Loan delinquency rates for both commercial and multifamily mortgage loans remained low during the third quarter of 2016, according to the Mortgage Bankers Association’s (MBA's) Commercial/Multifamily Delinquency Report.
The MBA’s analysis is based on the unpaid principal balance of commercial and multifamily debt held by five of the largest loan investor groups: commercial banks and thrifts, life insurance companies, Fannie Mae, Freddie Mac, and commercial mortgage-backed securities (CMBS). Taken together, they hold more than 80% of commercial and multifamily debt.

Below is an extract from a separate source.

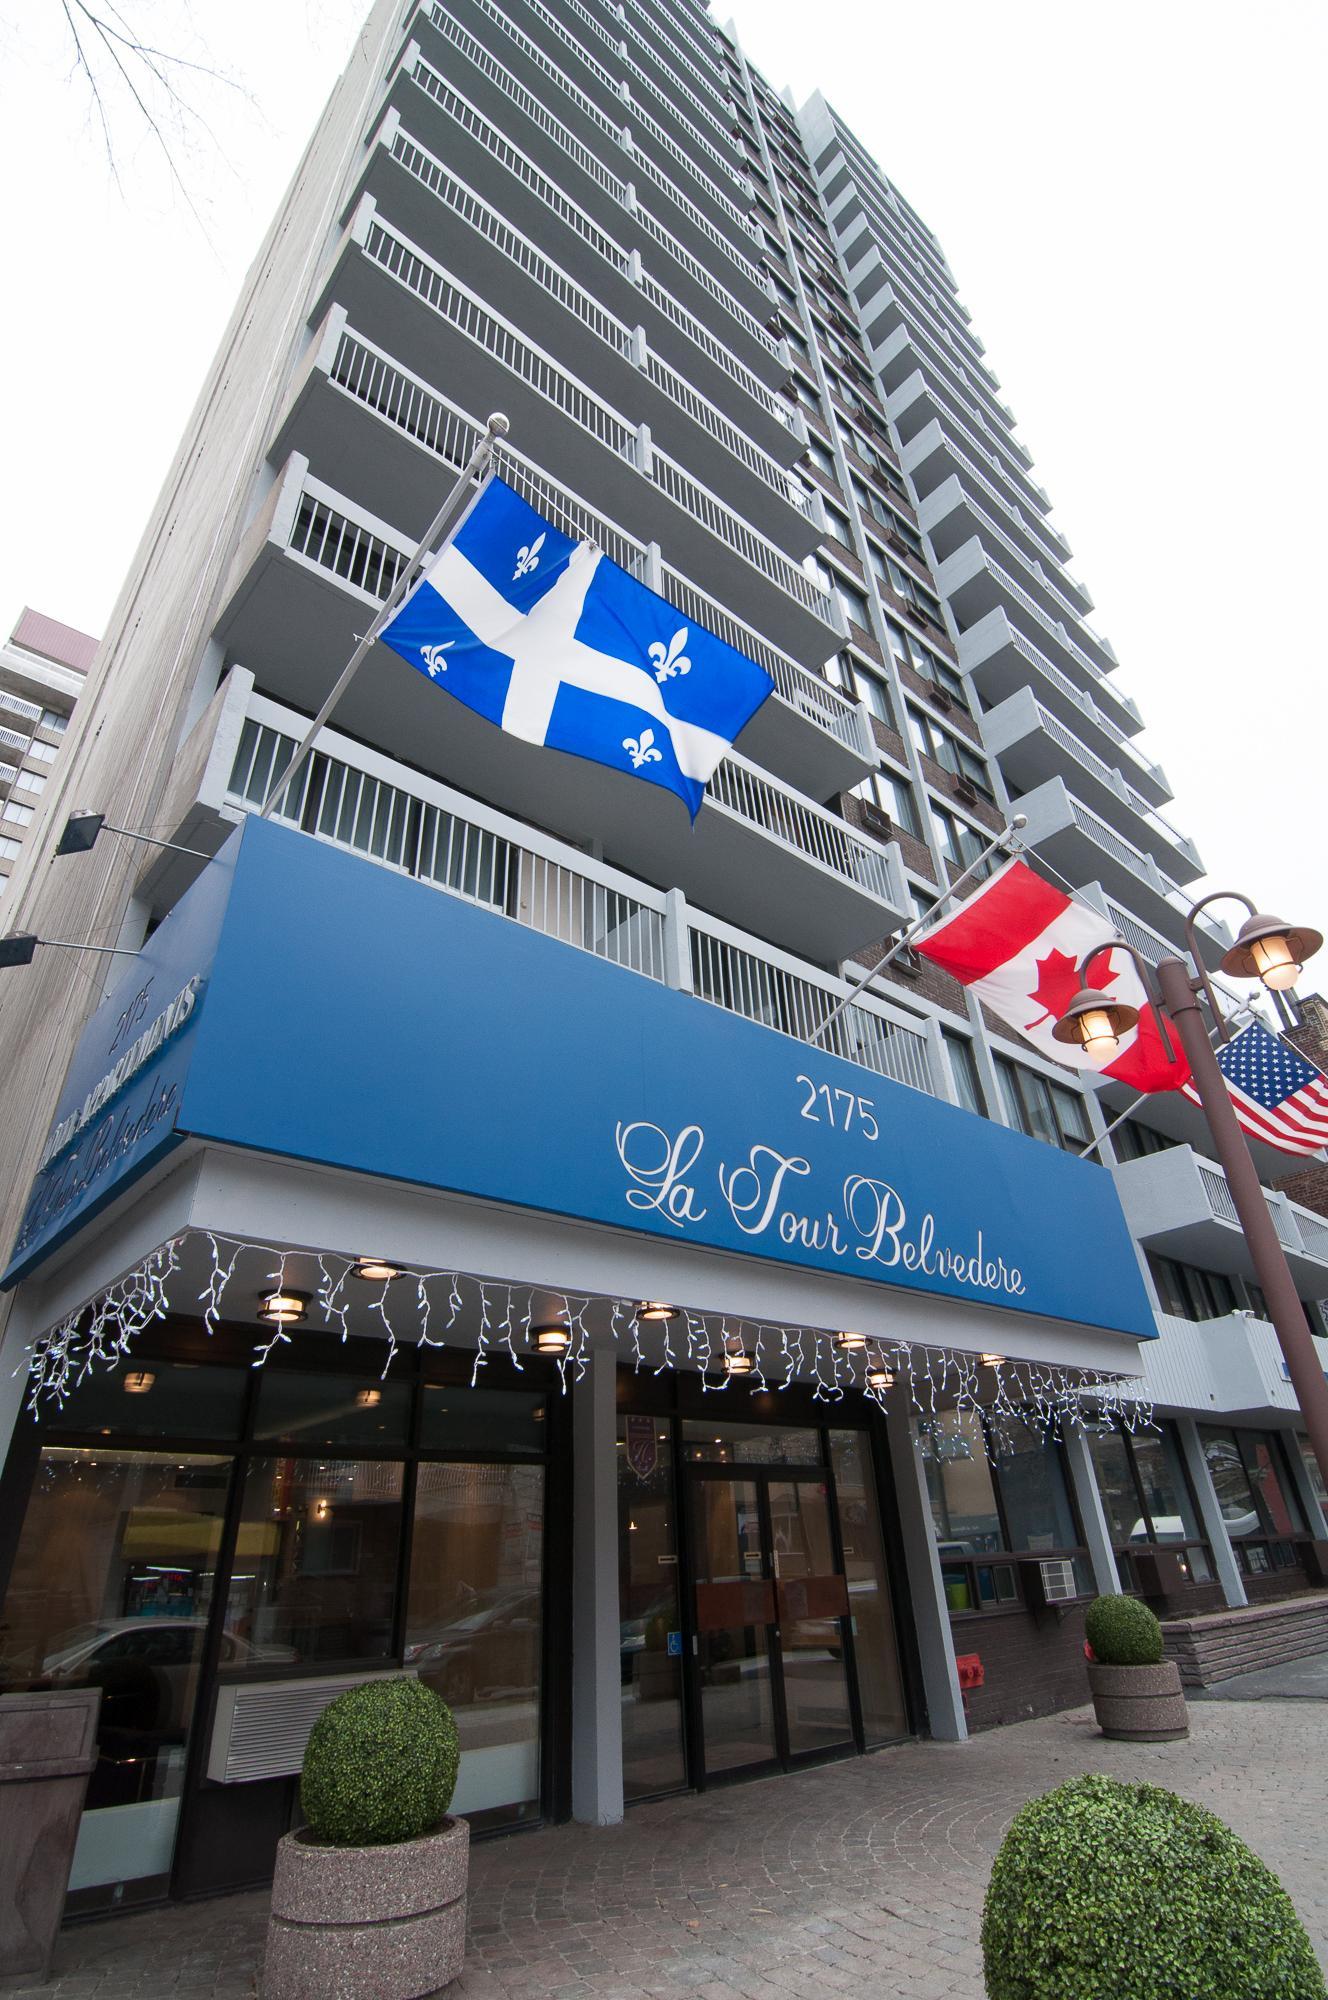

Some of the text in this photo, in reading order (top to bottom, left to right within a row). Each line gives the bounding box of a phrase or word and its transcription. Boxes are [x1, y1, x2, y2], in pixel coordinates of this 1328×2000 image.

[76, 1075, 178, 1192] Belvedere
[796, 1074, 879, 1141] 2175
[615, 1120, 1026, 1295] La Tour Belvedere

For banks and thrifts, 0.62% of loans were either in nonaccrual or 90 or more days delinquent, a 0.04% decrease from the second quarter of this year. For life company portfolios, 0.08% of loans were 60 or more days delinquent, down 0.03% from the second quarter.
Just 0.07% of Fannie Mae’s loans were 60 or more days delinquent, unchanged since the previous quarter, and 0.01% of Freddie Mac’s loans were 60 or more days delinquent, down 0.01%.
CMBS is the only group with a recorded rise in delinquent loans; 4.23% of CMBS loans were in REO or 30 or more days delinquent, up by 0.19% from the second quarter.
“Delinquency rates generally fell, staying near 20-year lows for loans held by banks, life insurance companies and Fannie Mae and Freddie Mac,” said Jamie Woodwell, the MBA’s vice president of commercial real estate research, in the report. “Loans held in commercial mortgage-backed securities were the one major group to see a slight increase in the rate—largely driven by the fact that many of the stronger loans that are set to mature in 2016 and 2017 are paying off, reducing the denominator and leaving behind weaker loans. This trend is likely to continue for the next few quarters.”
In its analysis of loan delinquency rates, the MBA uses the same methods each individual investor uses to track its own loan performance. The delinquency rates are not comparable with one another because each investor group tracks its delinquencies differently.